* [Brief]: Print the listing in its entirety and exactly, leaving out images.

* [Input data]:
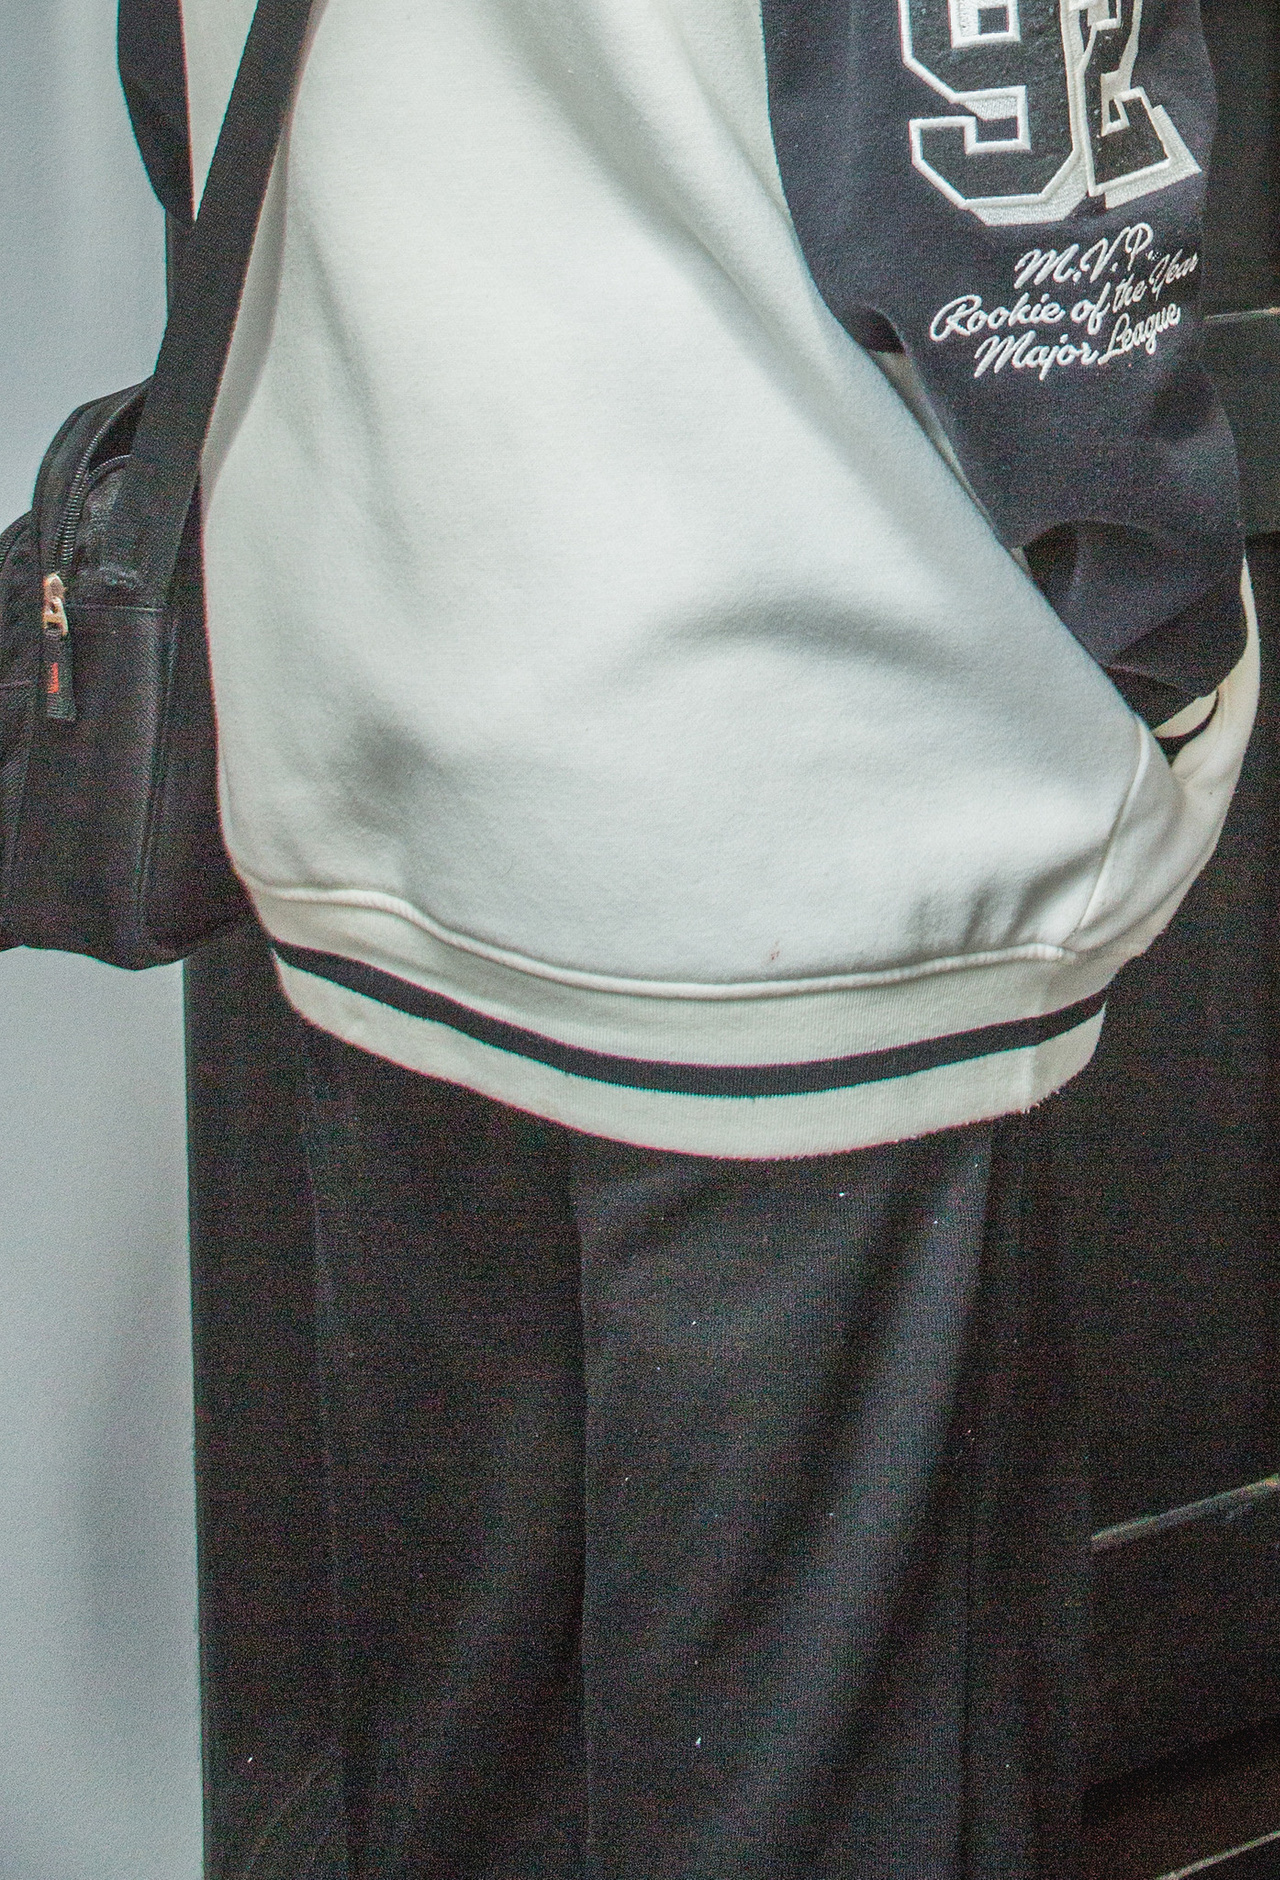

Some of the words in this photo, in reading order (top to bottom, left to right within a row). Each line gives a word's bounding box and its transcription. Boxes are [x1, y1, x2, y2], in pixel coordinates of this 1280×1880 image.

[929, 292, 1064, 344] Rookie
[1071, 282, 1117, 339] of
[1112, 275, 1148, 314] the
[1149, 249, 1199, 302] Year
[972, 334, 1099, 382] Major
[1097, 302, 1182, 366] League
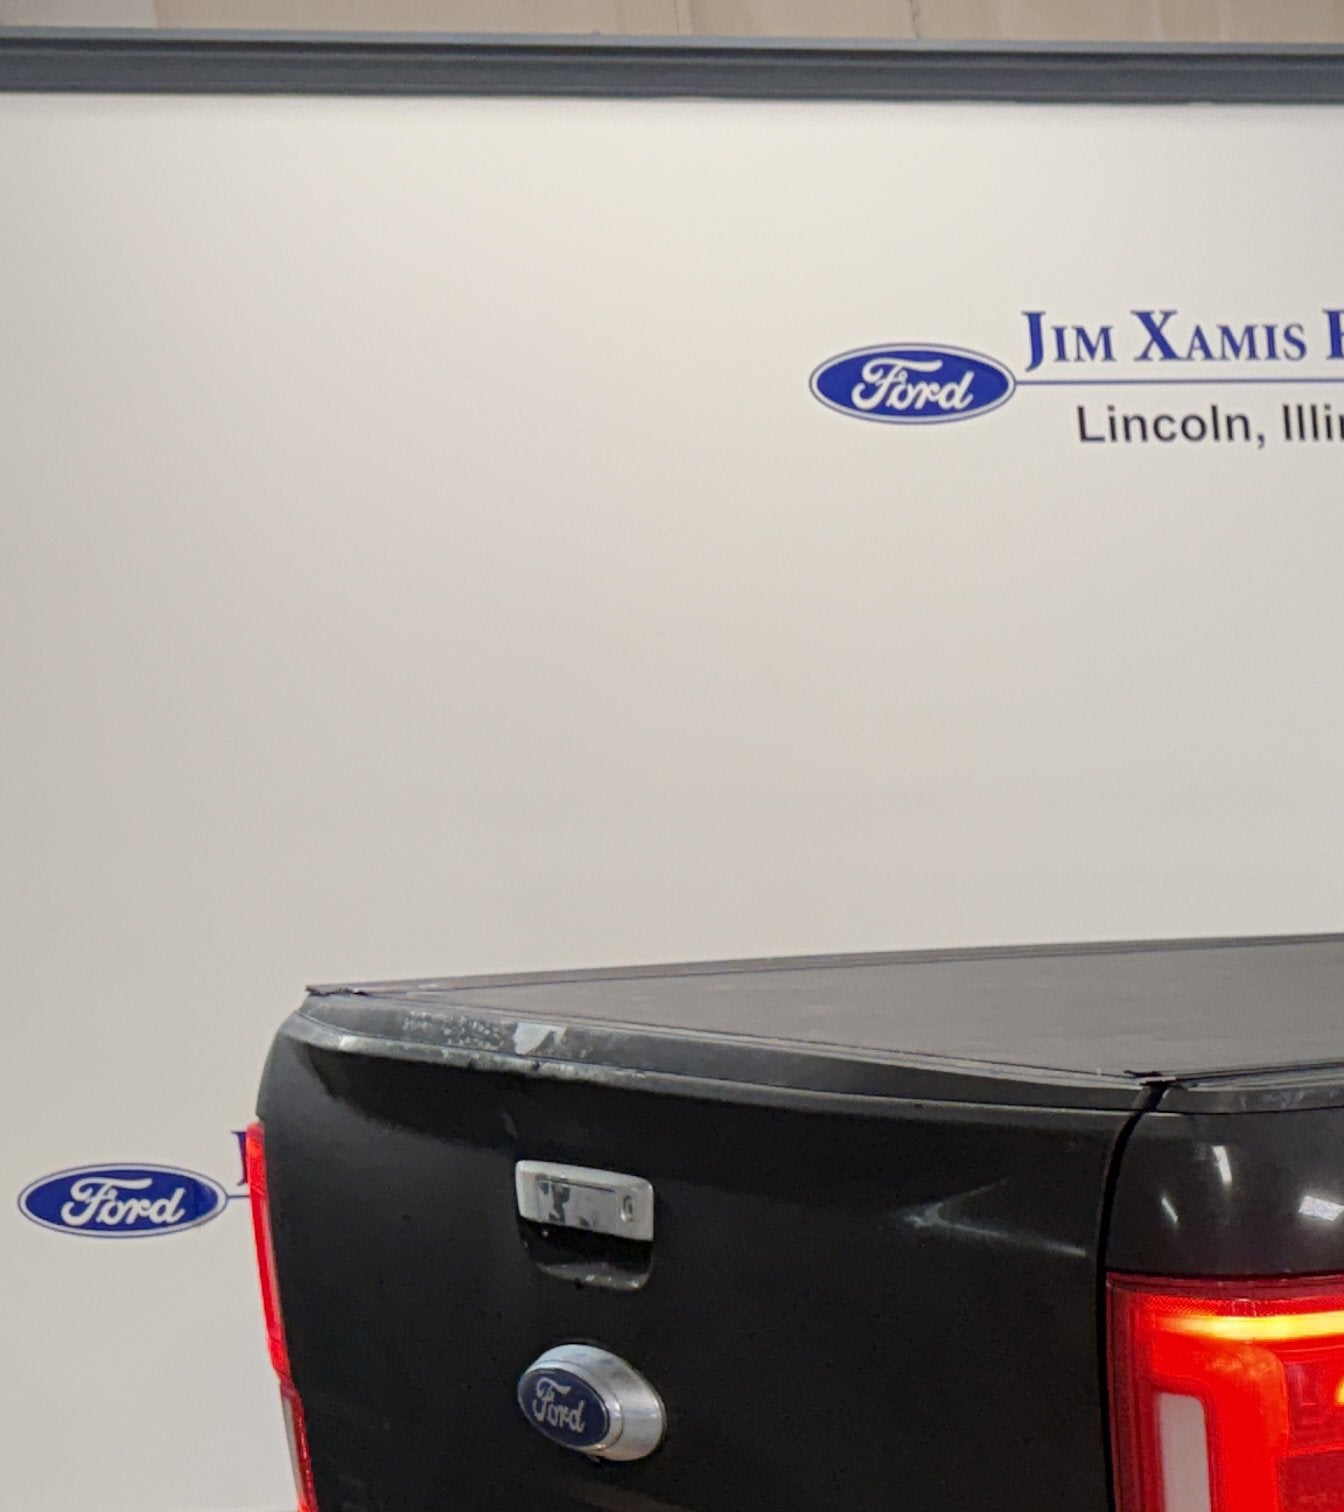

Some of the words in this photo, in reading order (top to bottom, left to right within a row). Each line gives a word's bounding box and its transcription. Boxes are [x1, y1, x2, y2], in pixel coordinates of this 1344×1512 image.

[1021, 310, 1117, 373] JIM
[1130, 309, 1308, 362] XAMIS
[851, 357, 976, 411] Ford
[1077, 403, 1266, 450] Lincoln,
[60, 1176, 186, 1226] Ford
[532, 1376, 587, 1434] Ford
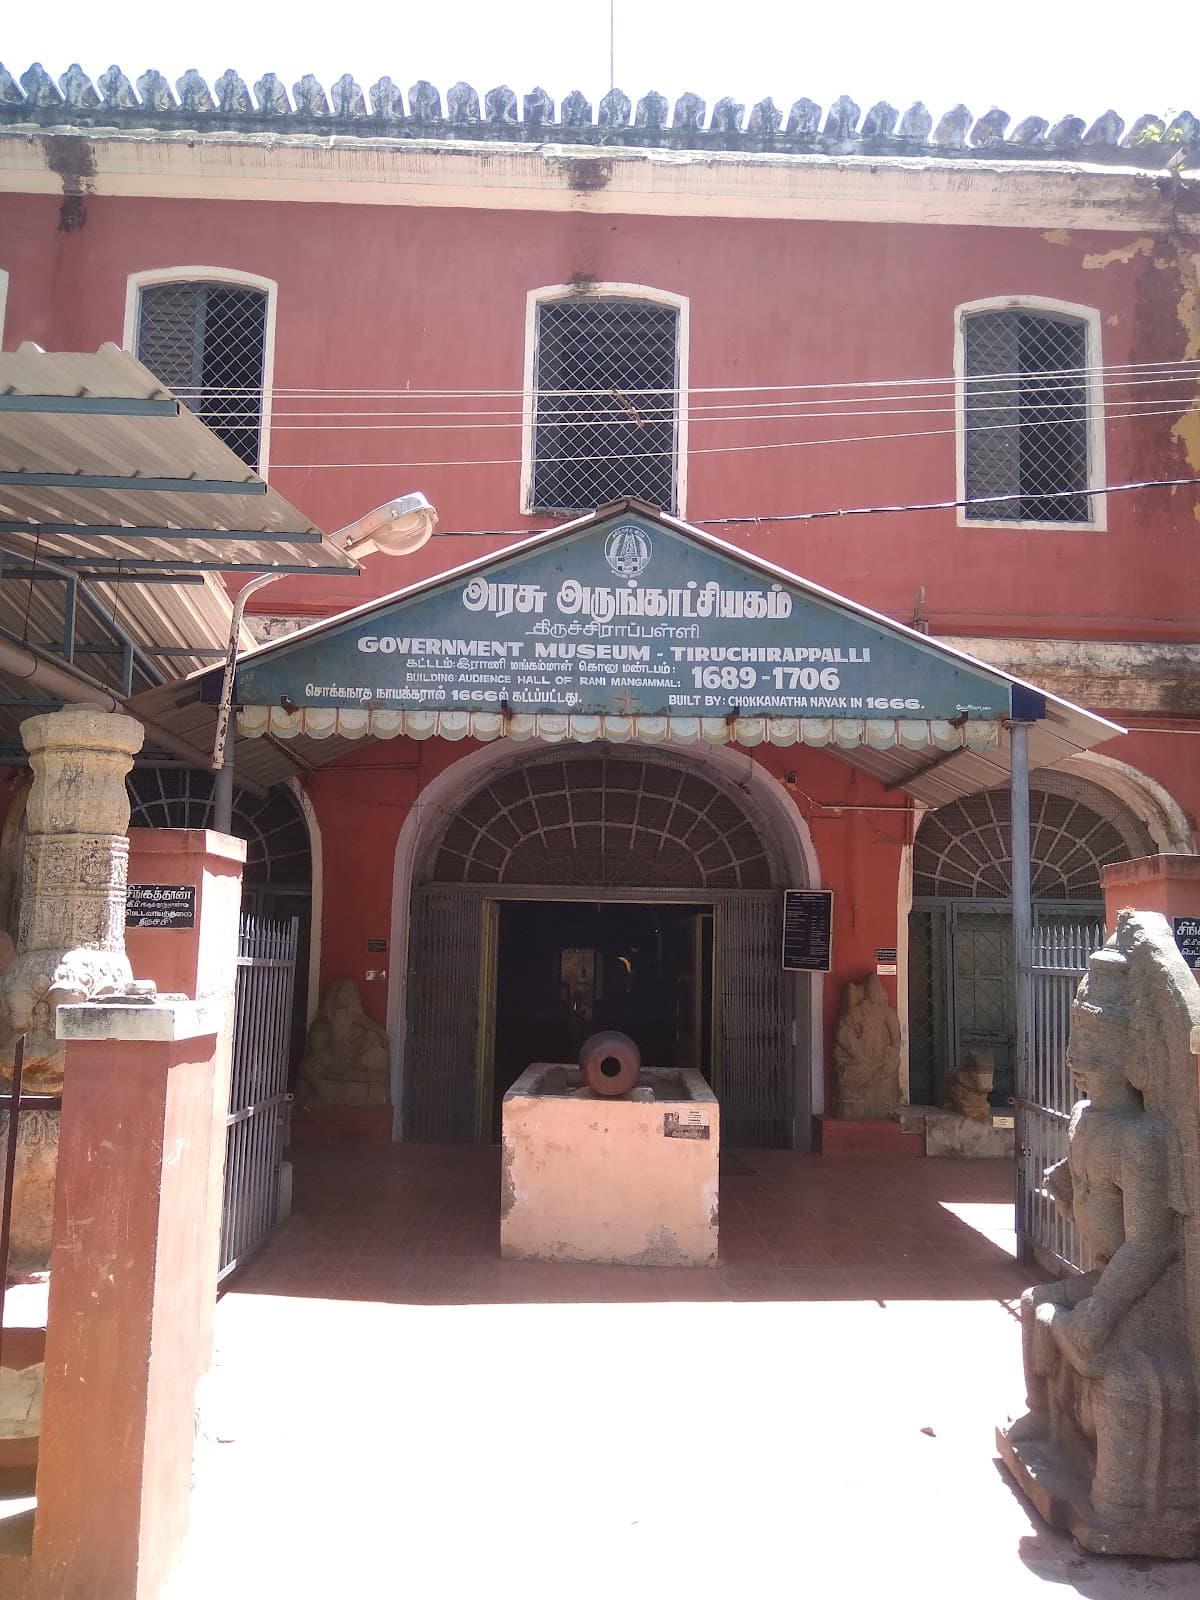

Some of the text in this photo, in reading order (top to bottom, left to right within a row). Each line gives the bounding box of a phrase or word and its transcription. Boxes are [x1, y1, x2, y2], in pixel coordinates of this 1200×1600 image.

[463, 576, 792, 623] அரசு அருங்காட்சியகம்
[525, 618, 700, 640] திருச்சிராப்பள்ளி
[357, 636, 524, 656] GOVERNMENT
[534, 642, 650, 662] MUSEUM
[670, 646, 871, 663] TIRUCHIRAPPALLI
[458, 674, 511, 683] AUDIENCE
[517, 675, 551, 685] HALL
[555, 676, 573, 685] OF
[580, 677, 606, 686] RANI
[611, 678, 681, 688] MANGAMMAL:
[691, 666, 757, 690] 1689
[772, 667, 840, 691] 1706
[668, 694, 700, 706] BUILT
[704, 695, 726, 707] BY:
[727, 695, 808, 708] CHOKKANATHA
[810, 696, 847, 709] NAYAK
[850, 697, 863, 709] IN

* [Solution to this exercise]:
Some of the words in this photo, in reading order (top to bottom, left to right within a row). Each line gives a word's bounding box and its transcription. Boxes are [x1, y1, x2, y2], in pixel coordinates of this 1280×1880 image.

[929, 292, 1064, 344] Rookie
[1071, 282, 1117, 339] of
[1112, 275, 1148, 314] the
[1149, 249, 1199, 302] Year
[972, 334, 1099, 382] Major
[1097, 302, 1182, 366] League

Some of the words in this photo, in reading order (top to bottom, left to right within a row). Each line gives a word's bounding box and its transcription. Boxes are [x1, y1, x2, y2], in pixel coordinates of this 1344×1512 image.

[1021, 310, 1117, 373] JIM
[1130, 309, 1308, 362] XAMIS
[851, 357, 976, 411] Ford
[1077, 403, 1266, 450] Lincoln,
[60, 1176, 186, 1226] Ford
[532, 1376, 587, 1434] Ford

Some of the text in this photo, in reading order (top to bottom, left to right within a row). Each line gives the bounding box of a phrase or word and its transcription. Boxes are [x1, y1, x2, y2], in pixel coordinates of this 1200×1600 image.

[463, 576, 792, 623] அரசு அருங்காட்சியகம்
[525, 618, 700, 640] திருச்சிராப்பள்ளி
[357, 636, 524, 656] GOVERNMENT
[534, 642, 650, 662] MUSEUM
[670, 646, 871, 663] TIRUCHIRAPPALLI
[458, 674, 511, 683] AUDIENCE
[517, 675, 551, 685] HALL
[555, 676, 573, 685] OF
[580, 677, 606, 686] RANI
[611, 678, 681, 688] MANGAMMAL:
[691, 666, 757, 690] 1689
[772, 667, 840, 691] 1706
[668, 694, 700, 706] BUILT
[704, 695, 726, 707] BY:
[727, 695, 808, 708] CHOKKANATHA
[810, 696, 847, 709] NAYAK
[850, 697, 863, 709] IN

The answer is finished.